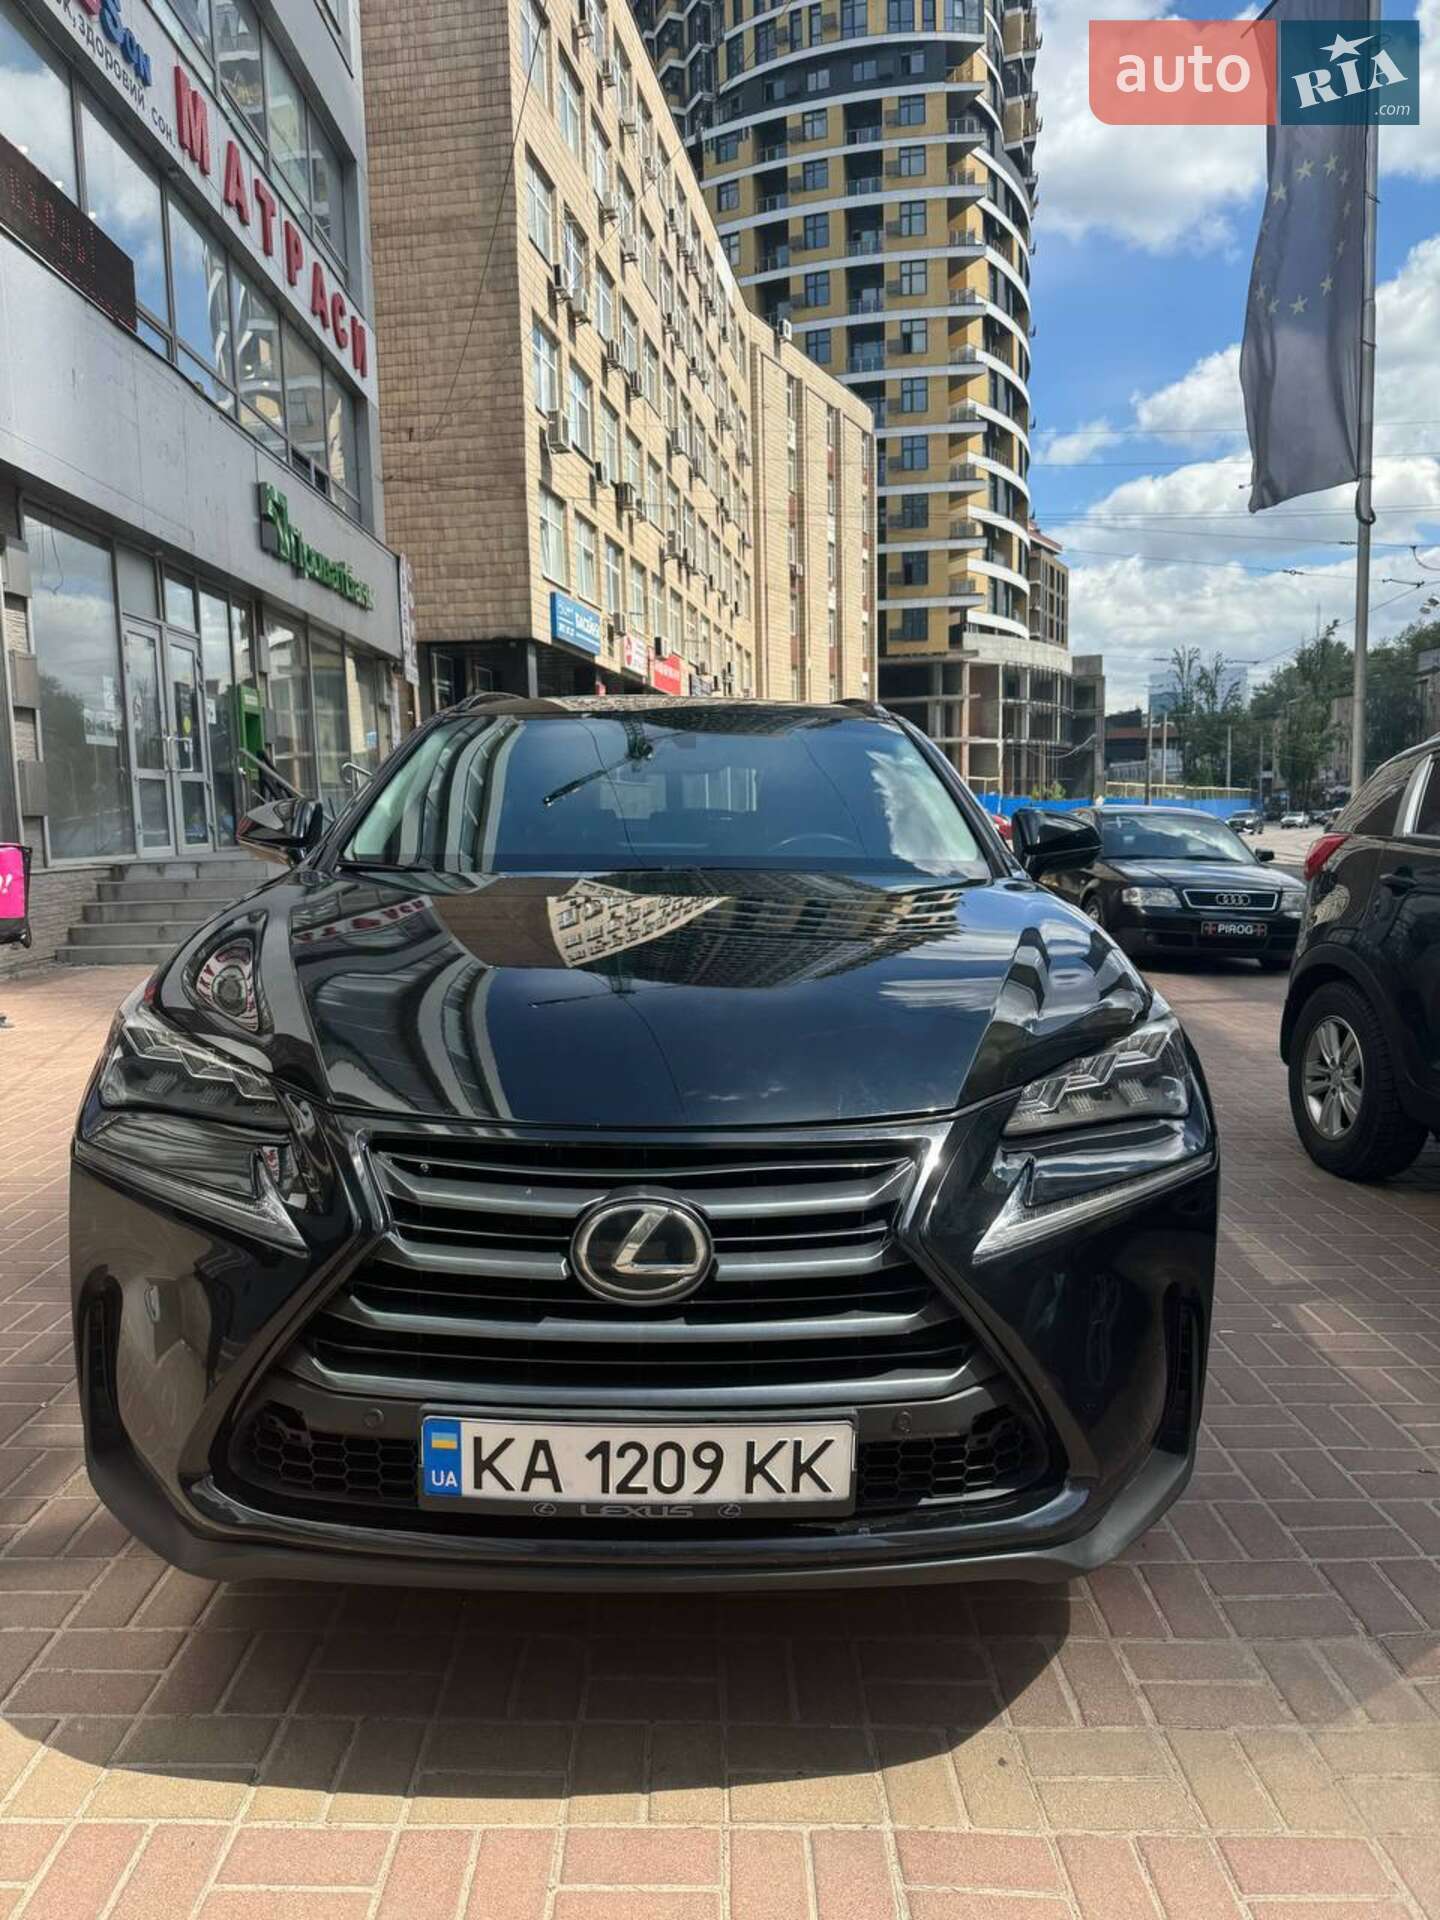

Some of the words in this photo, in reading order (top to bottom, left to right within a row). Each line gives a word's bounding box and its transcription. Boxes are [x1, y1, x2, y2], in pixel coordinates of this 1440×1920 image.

[174, 66, 367, 378] МАТРАСИ
[431, 1470, 458, 1488] UA
[472, 1436, 563, 1493] KA
[585, 1440, 724, 1495] 1209
[745, 1439, 835, 1494] KK
[580, 1504, 694, 1518] LEXUS
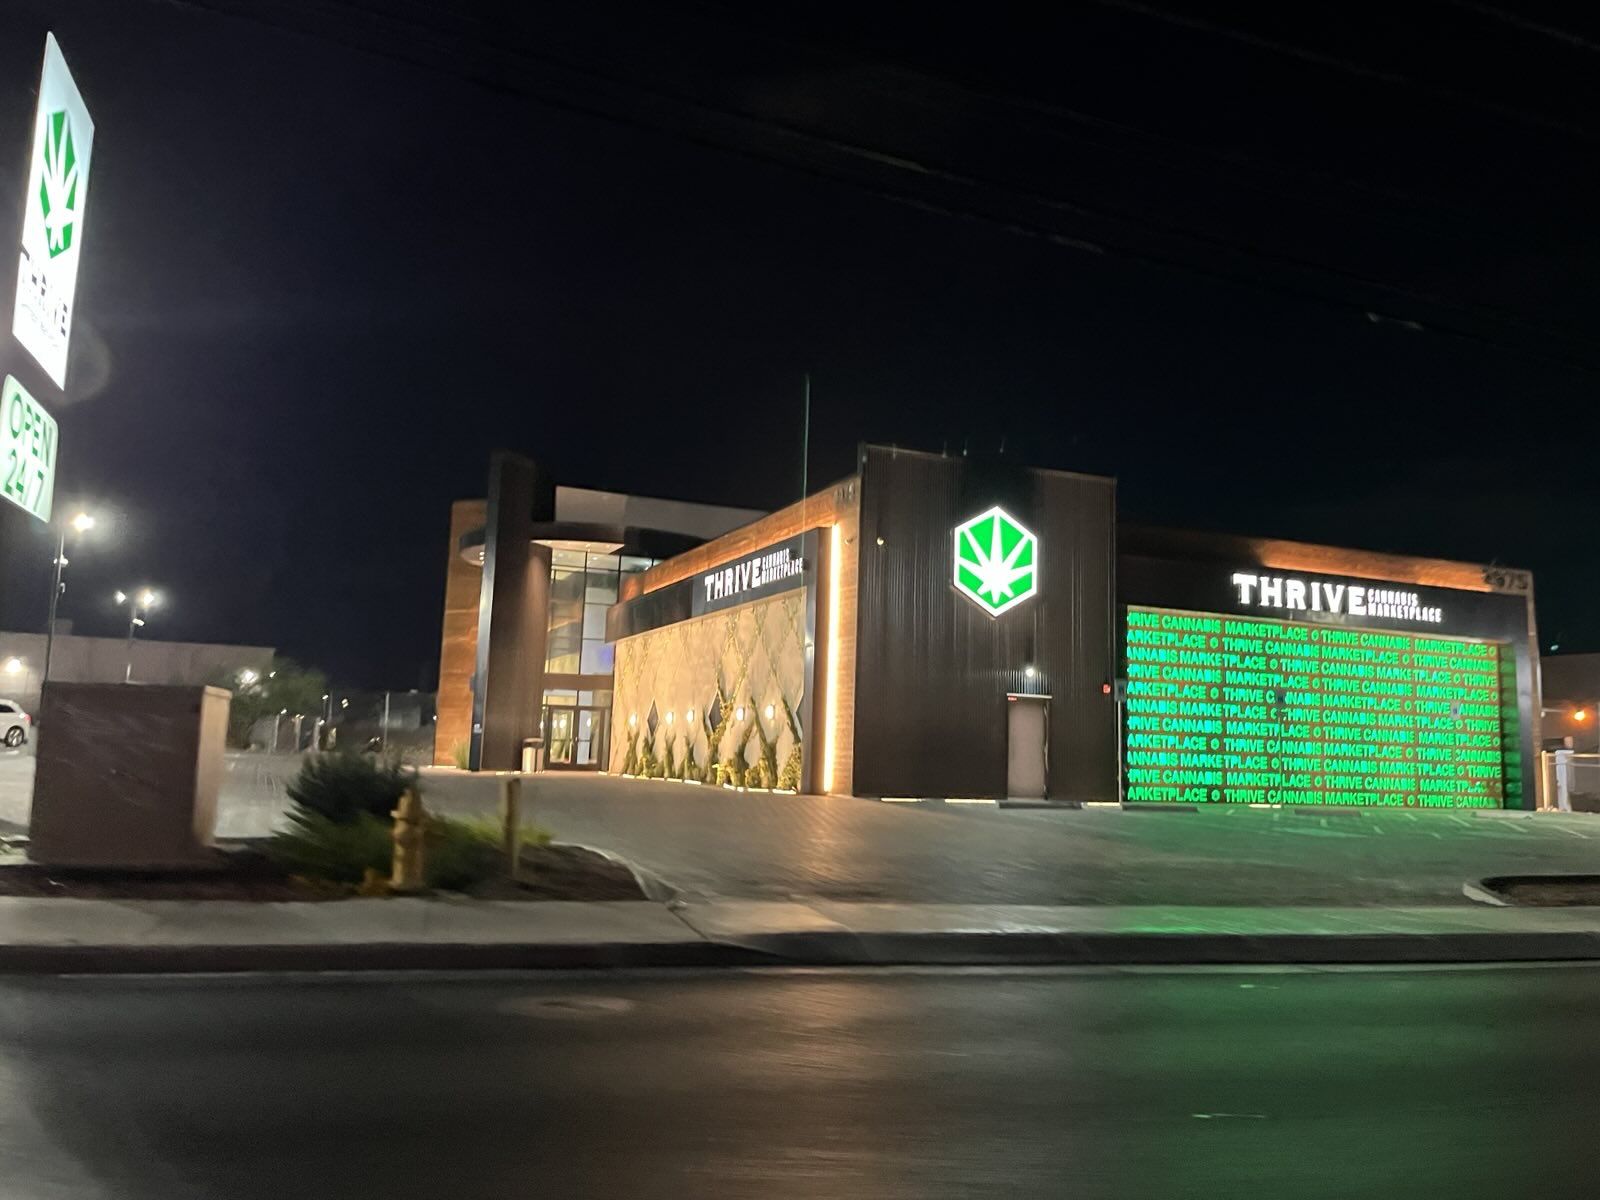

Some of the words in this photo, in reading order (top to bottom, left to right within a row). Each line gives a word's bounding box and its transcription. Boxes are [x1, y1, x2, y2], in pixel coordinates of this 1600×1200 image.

§ **Exercise brief**: Please restate all of the listing above word for word, with no pictures.

§ **Answer below**:
Some of the words in this photo, in reading order (top to bottom, left to right within a row). Each line gives a word's bounding box and its transcription. Boxes are [x1, y1, x2, y2], in pixel coordinates of this 1440×1920 image.

[174, 66, 367, 378] МАТРАСИ
[431, 1470, 458, 1488] UA
[472, 1436, 563, 1493] KA
[585, 1440, 724, 1495] 1209
[745, 1439, 835, 1494] KK
[580, 1504, 694, 1518] LEXUS

Some of the words in this photo, in reading order (top to bottom, left to right within a row). Each line gives a word's bounding box and its transcription. Boxes are [x1, y1, x2, y2], in pixel coordinates of this 1600×1200 image.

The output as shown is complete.